50000 Stolen And They Didn’t Even Miss It

Posted on March 21, 2020 by Randal Suttles

This is a true story.

Several years ago the audit firm finished the exam of a mid size food wholesaler and issued a clean audit opinion. There was one comment in the internal control letter to the owners: the same employee receives cash payments, prepares and posts billings and accounts receivable, and sends out past due notices. She had been doing it for years. The owners ignored the comment, concluding separating those duties would be too costly in additional payroll expense. Besides, they trusted her.

The auditors contacted the company about 10 months later to schedule the interim field work for the next year’s exam. The compromised employee left. Subsequent police investigation concluded she probably left the country.

Forensic audit work by a different audit firm, which was hired by the insurance company at risk on the errors, omissions and theft insurance policy, showed that she had begun taking cash and underposting the sales receipts within a couple of weeks from the conclusion of the prior year audit. The forensic audit ended once $50,000 in losses were proven, although informed estimates placed the loss likely in the hundreds of thousands of dollars. The company was extraordinarily profitable, so the owners never missed the money. It only showed up when the audit firm asked to schedule the next exam. That’s when the employee disappeared.

Subsequently, the company hired an additional bookkeeper to separate the transaction and posting duties. Eventually, upon the long standing recommendation of the original audit firm, the company hired a full time controller.

The point is not to be so profitable that you don’t miss the dollars stolen. The point is that following some simple accounting control rules is critical. Separate duties. Have checks and balances. Have someone supervising and reviewing the activity. That can be a full time controller, or a part time CFO. But there must be oversight.

Even small companies, where the owner is hands on, need to at least address the internal control issue. Unless the owner is truly processing all of the transactions, doing all of the postings and financial statement preparation, personally reconciling the accounts and signing the checks, separation of duties is critical. If there is just one other person involved, besides the sole owner (that includes partners, married couples, long time friends, and family) prudence requires that proper internal accounting controls be put in place. It does not require lots of expense, often just a reassignment of duties and proper supervision.
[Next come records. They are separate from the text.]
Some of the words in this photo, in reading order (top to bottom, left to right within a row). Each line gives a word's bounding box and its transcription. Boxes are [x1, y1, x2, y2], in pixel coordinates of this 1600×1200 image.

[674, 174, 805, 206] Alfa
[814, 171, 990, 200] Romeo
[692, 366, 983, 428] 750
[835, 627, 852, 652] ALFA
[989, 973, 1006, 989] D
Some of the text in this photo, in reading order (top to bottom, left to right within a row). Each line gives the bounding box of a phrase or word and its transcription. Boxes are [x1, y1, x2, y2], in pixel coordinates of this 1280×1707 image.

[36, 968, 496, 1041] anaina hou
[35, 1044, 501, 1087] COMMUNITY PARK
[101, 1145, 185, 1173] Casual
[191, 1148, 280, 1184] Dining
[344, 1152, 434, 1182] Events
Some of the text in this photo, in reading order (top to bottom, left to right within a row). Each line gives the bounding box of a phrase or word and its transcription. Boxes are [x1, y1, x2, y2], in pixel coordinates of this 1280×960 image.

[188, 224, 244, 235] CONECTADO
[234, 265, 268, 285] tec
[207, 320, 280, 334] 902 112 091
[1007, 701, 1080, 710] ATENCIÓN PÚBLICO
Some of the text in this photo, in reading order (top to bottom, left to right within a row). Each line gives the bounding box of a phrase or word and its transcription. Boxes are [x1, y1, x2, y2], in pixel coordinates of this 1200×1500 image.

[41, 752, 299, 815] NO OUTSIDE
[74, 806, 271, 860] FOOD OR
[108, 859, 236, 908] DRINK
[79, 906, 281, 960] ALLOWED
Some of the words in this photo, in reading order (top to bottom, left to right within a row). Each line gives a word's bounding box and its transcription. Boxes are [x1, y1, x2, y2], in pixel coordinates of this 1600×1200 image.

Sometimes, the internal controls will still fail to prevent theft or fraud. The procedures might not be followed, there might be collusion among employees, the checks and balances might be poorly designed. But, without any separation of duties in critical cash processing, billings, payments and posting, the business has no protection at all. You might as well change your logo to a big bulls eye because the temptations are high, and you are a target.

Oh, and I would recommend theft loss limits higher than $50,000.